Software for country-specific results

In addition to European regulations, EPDs must comply with strict national  legislation on sustainability certificates for construction products, which is different in each country. One of Enperas’ strengths is that its software takes this into account and can easily convert this national test with a single mouse click. For example, results for Belgium can be immediately converted to results for France, allowing the product in question to be described from the relevant market. The increasing market demand for these country-specifi c results is the main reason why the spin-off was launched. ‘Our focus on this makes us absolutely unique and allows us to add value to a product’s ecological footprint for our customers,’ says Plancke.

Enperas spin-off for LCA/EPD-software

The decision to create this spin-off from VITO/EnergyVille’s activities was already taken in September 2019. Last year, the structure was put in place and investors were attracted. ‘You need that time to get off to a good start,’ says Bart Swaelens of VITO. Since Enperas became independent, VITO remains a shareholder of the company, which now has four employees.

The Enperas spin-off will serve the growing European market demand for LCA/EPD software and advice. VITO/EnergyVille keeps the expertise about LCA and sustainability methods for innovative research and development for and with companies and governments. Important innovations can be expected about circularity  and sustainability aspects of building stock, energy technology and systems such as batteries and power to molecules, in close cooperation with the technological R&D on sustainable energy, materials and chemistry from VITO/EnergyVille.

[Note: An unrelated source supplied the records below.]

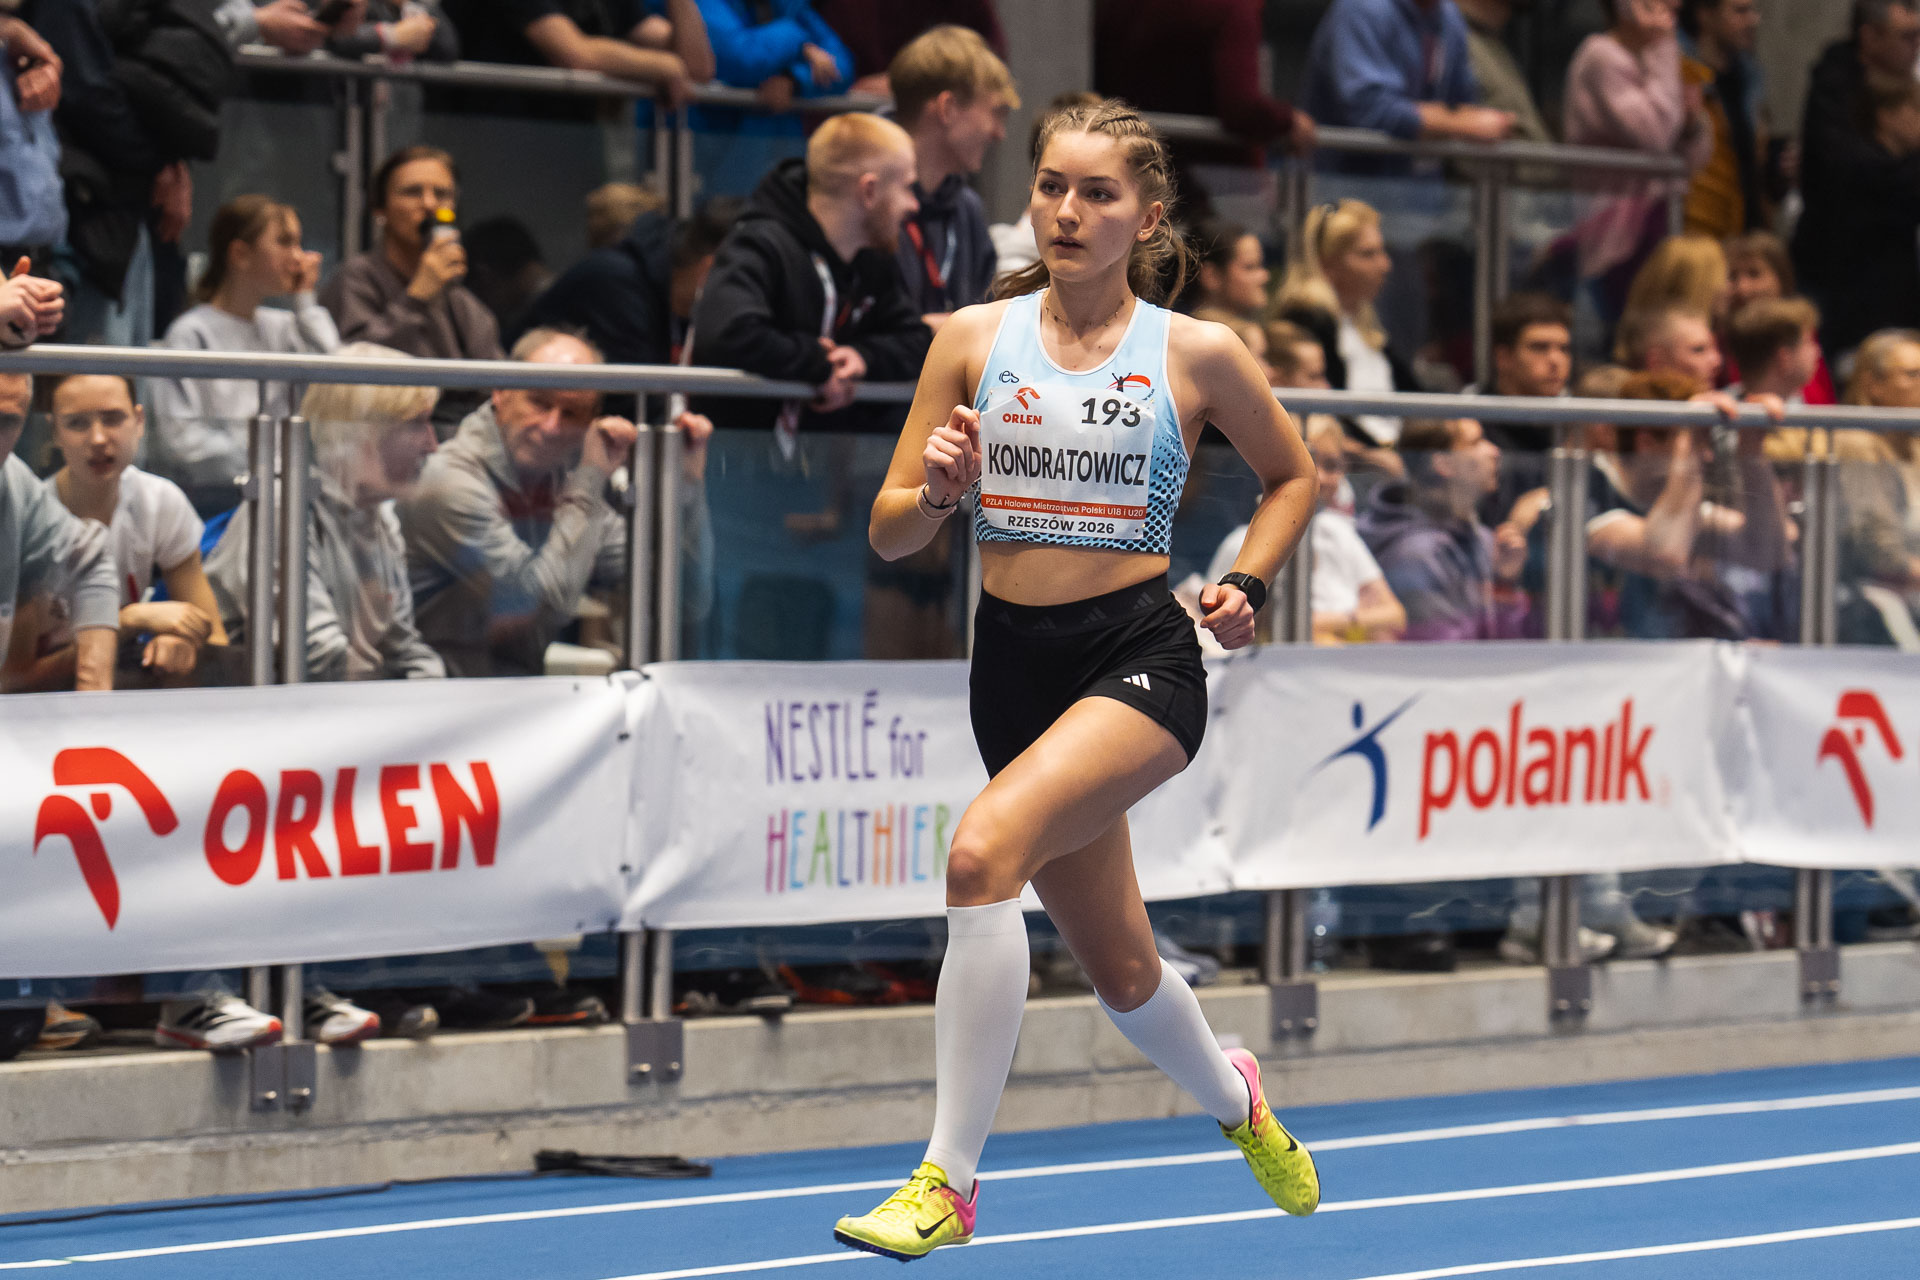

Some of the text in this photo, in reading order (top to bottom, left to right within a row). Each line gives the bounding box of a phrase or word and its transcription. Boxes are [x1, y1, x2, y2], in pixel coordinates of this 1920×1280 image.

[1002, 412, 1043, 425] ORLEN
[1081, 397, 1141, 428] 193
[988, 442, 1147, 486] KONDRATOWICZ
[985, 497, 1003, 506] PZLA
[1004, 499, 1032, 509] Halowe
[1033, 501, 1079, 513] Mistrzostwa
[1081, 505, 1106, 515] Polski
[1107, 507, 1122, 516] U18
[1128, 509, 1144, 517] U20
[1007, 515, 1115, 534] RZESZÓW 2026
[765, 689, 928, 786] NESTLÉ for
[1418, 696, 1656, 842] polanik
[204, 761, 500, 886] ORLEN
[765, 803, 948, 893] HEALTHIER

Tech transfer for a stronger and more sustainable Flemish economy

With the recent creation of the spin-off Enperas (which offers software for sustainability assessments of construction products) and the imminent launch of Mona (a spin-off that will develop eye scans to detect for example diabetes), VITO is doing what it should: adding value to the expertise and technology it has developed by transferring it to industry. The two spinoffs are the latest in a growing list of companies that have emerged from within VITO – about ten in the past five years.

This ‘tech transfer’ can take place in two ways: through the sale of a licence to an existing company, or through the creation of a spin-off. In most cases, this strengthens the Flemish economy, which is at the core of VITO’s mission. By doing so, VITO is injecting sustainability into Flemish industry.

Launching a spin-off

For the creation of a spin-off, the first step is to detect opportunities for adding value within VITO. ‘We have specific programmes for this,’ says Bart Swaelens Head of Tech Transfer and Venture Development at VITO. ‘Take for example ‘accelerate your business idea’ or AYOUBI, an initiative through which we encourage our employees to come up with interesting business ideas.’ Once such an opportunity has been identified, the key is to allow it to mature. ‘We then build a team around it. The quality of that team makes or breaks the success of a spin-off. A good balance between VITO expertise and external entrepreneurship is important. That’s why we’ve engaged Luc Plancke for Enperas.’ Then a business plan and a financial plan are drawn up, and it is crucial to find external investors. Once these have been found, the spin-off can be launched.